Thyroid reoperations can be challenging, even for a highly experienced thyroid surgeon, as visual identification of the recurrent laryngeal nerve (RLN) is more difficult during dissection of the scar tissues than in the virgin neck [1, 2]. The prevalence of RLN injury is higher in repeat than in primary thyroid operations and it has been reported to approach 12.5 % for transient events and 3.8 % for permanent events [111]. Unilateral RLN injury can diminish quality of life due to a variety of symptoms related to voice changes and subsequent limitations in physical, emotional and social functioning, while bilateral RLN injury can be a life-threatening complication leading to airway obstruction [12]. Thus, it is not surprising that RLN injury is still a major cause of litigation in endocrine surgery [13]. In recent years, intraoperative nerve monitoring (IONM) has been standardized and has gained more acceptance as an addition to the gold standard of visual nerve identification in thyroid and parathyroid surgery [1418]. IONM is believed by many surgeons to aid in RLN dissection in the scar tissues of the neck, minimizing the risk of inadvertent nerve injury [14]. However, so far, this belief is not evidence based [11]. A prospective randomised controlled trial of RLN visualisation versus RLN visualisation plus IONM in redo thyroid surgery is not readily feasible, justifying the use of evidence from cohort studies. The aim of the present retrospective cohort study was to test the hypothesis that the use of IONM in thyroid reoperations can reduce the prevalence of RLN injury in comparison with thyroid reoperations with RLN visual identification alone.

Materials and methods

This was a retrospective cohort study of patients who underwent thyroid reoperations at the Third Department of General Surgery, Jagiellonian University Medical College, Kraków, Poland. The prospectively collected database of thyroid surgery was searched for eligible patients (treated in the years 1993–2012). The study group comprised patients who underwent reoperative thyroid surgery with IONM. They were compared with patients who had thyroid reoperations with RLN visual identification, but without IONM. Laryngoscopy was mandatory in all patients before reoperation and afterwards, and was used to evaluate and follow RLN injury. All patients provided written informed consent for the storage and use of their data.

The inclusion criteria were recurrent goitre, recurrent hyperthyroidism, completion thyroidectomy for incidental cancer in a patient after bilateral less than near-total thyroidectomy (or Dunhill operation), or recurrent thyroid cancer. The exclusion criteria were contralateral goitre recurrence in a patient after lobectomy, completion thyroidectomy for cancer in a patient after lobectomy, goitre recurrence in the pyramidal lobe in a patient after total thyroidectomy or incomplete clinical data or follow-up information.

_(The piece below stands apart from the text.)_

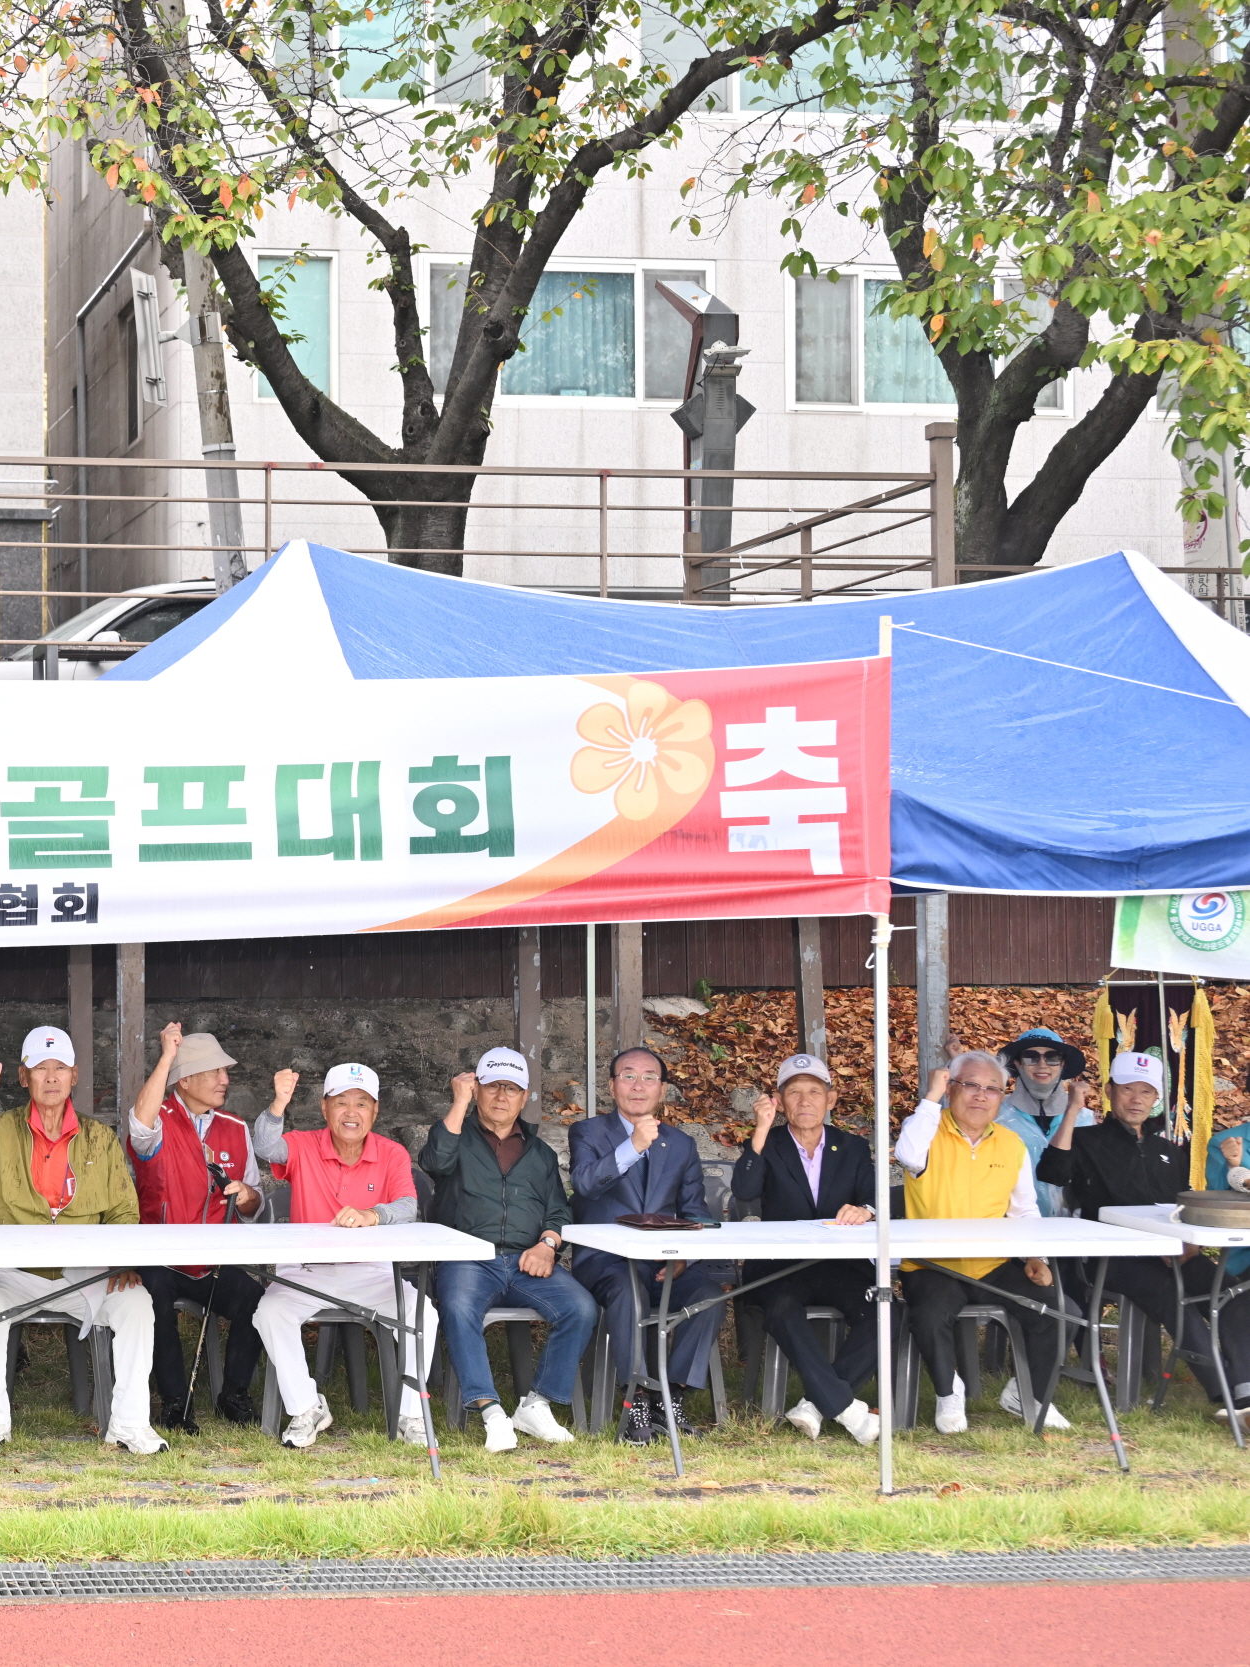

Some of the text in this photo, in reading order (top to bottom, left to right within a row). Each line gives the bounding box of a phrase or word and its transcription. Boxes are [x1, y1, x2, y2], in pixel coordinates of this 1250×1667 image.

[720, 706, 848, 876] 축
[1191, 921, 1223, 933] UGGA
[486, 1060, 524, 1072] TaylorMade

The primary outcome measures were transient and permanent RLN injury. The secondary outcome measures included the utility of IONM in mapping RLN in the scar tissues of the neck and in predicting postoperative vocal cord dysfunction: positive predictive value (PPV) and negative predictive value (NPV).

The protocol of this study was approved by the Institutional Review Board.

Surgical technique

Surgeon-performed neck ultrasound was mandatory in all patients before reoperation. It was used to identify the dominant side of goitre recurrence (which was operated on first), to identify if the pyramidal lobe remnant was present and to evaluate thyroid remnant volume and lymph node status.

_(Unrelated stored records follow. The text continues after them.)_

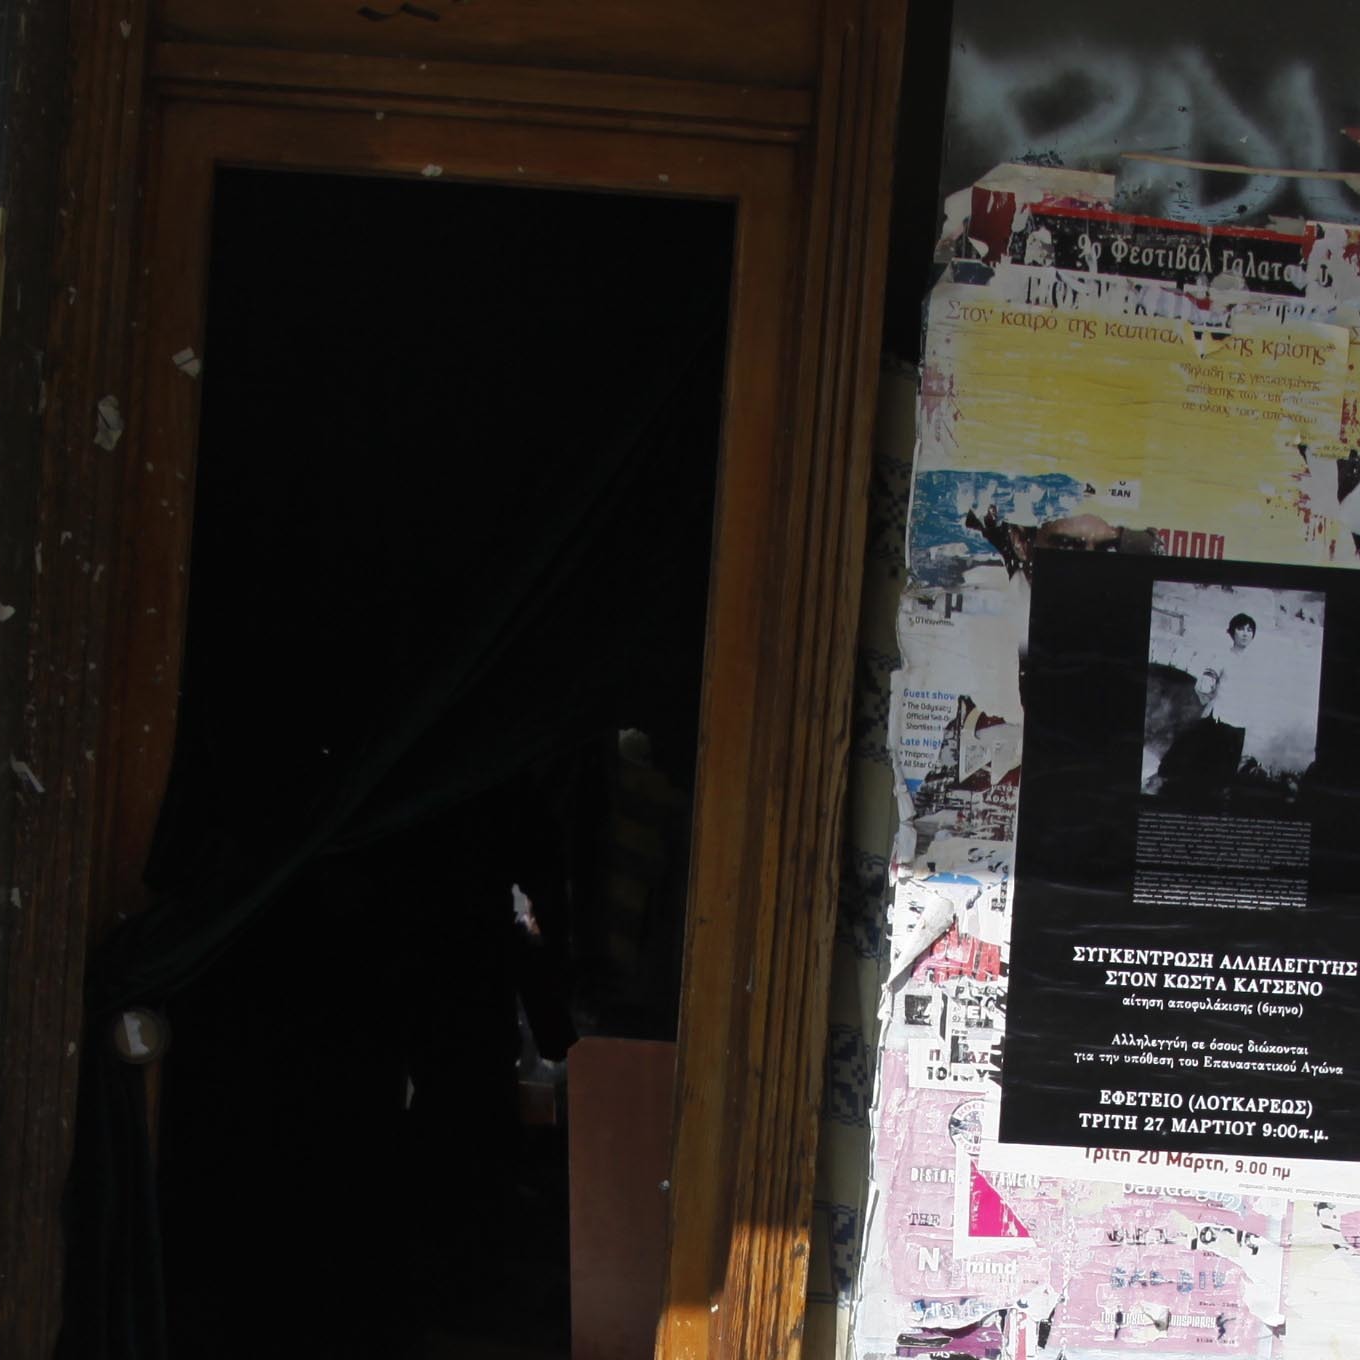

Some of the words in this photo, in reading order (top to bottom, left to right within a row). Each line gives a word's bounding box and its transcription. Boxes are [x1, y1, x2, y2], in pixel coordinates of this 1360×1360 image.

[1110, 241, 1214, 275] Φεστιβάλ
[945, 300, 994, 325] Στον
[1000, 308, 1059, 334] καιρό
[1066, 316, 1098, 340] της
[903, 687, 930, 700] Guest
[1072, 945, 1215, 969] ΣΥΓΚΕΝΤΡΩΣΗ
[1219, 954, 1359, 977] ΑΛΛΗΛΕΓΓΥΗΣ
[1104, 969, 1160, 989] ΣΤΟΝ
[1163, 972, 1228, 992] ΚΩΣΤΑ
[1233, 976, 1324, 997] ΚΑΤΣΕΝΟ
[1122, 993, 1165, 1012] αίτηση
[1167, 998, 1254, 1017] αποφυλάκισης
[1256, 1001, 1305, 1018] (6μηνο)
[1111, 1033, 1189, 1052] Αλληλεγγύη
[1190, 1041, 1207, 1051] σε
[1208, 1039, 1245, 1055] όσους
[1246, 1039, 1309, 1057] διώκονται
[1073, 1050, 1095, 1064] για
[1097, 1052, 1121, 1065] την
[1123, 1052, 1175, 1071] υπόθεση
[1177, 1056, 1200, 1068] του
[1203, 1056, 1298, 1075] Επαναστατικού
[1300, 1061, 1345, 1077] Αγώνα
[1098, 1089, 1184, 1110] ΕΦΕΤΕΙΟ
[1187, 1092, 1315, 1119] (ΛΟΥΚΑΡΕΩΣ)
[1078, 1111, 1139, 1132] ΤΡΙΤΗ
[1142, 1115, 1165, 1133] 27
[1170, 1118, 1257, 1138] ΜΑΡΤΙΟΥ
[1261, 1123, 1330, 1142] 9:00π.μ.
[1165, 1152, 1230, 1176] Μάρτη,
[1235, 1159, 1269, 1176] 9.00
[1270, 1165, 1292, 1180] πμ

All operations were performed on patients under general anaesthesia by five experienced endocrine surgeons (MB, AK, SC, MS, WN). The anaesthesia protocol included intravenous midazolam premedication; induction with fentanyl, thiopental and suxamethonium; endotracheal intubation and sevoflurane maintenance. No other muscle relaxants were used during the operations. A standard cervicotomy with excision of the existing scar was performed in all patients. A lateral approach was routinely used for all cases. In operations without IONM, the first step was visual identification of the RLN low in the neck (below the crossing with the inferior thyroid artery). Once the nerve was visually identified, it was carefully dissected along its course towards the larynx. In operations with IONM, the visual identification of the RLN was facilitated via the IONM system, with the nerve mapping technique. Once the nerve was visually identified, repeated stimulations with the monopolar probe of the IONM system served to trace the nerve path in the operative field and test its functional integrity during dissection. In each patient, the RLN was exposed and the branches of the superior and inferior thyroid arteries were divided close to the thyroid capsule (peripheral ligation). The characteristics of the patients are presented in Table 1, while the extent of surgery is presented in Table 2.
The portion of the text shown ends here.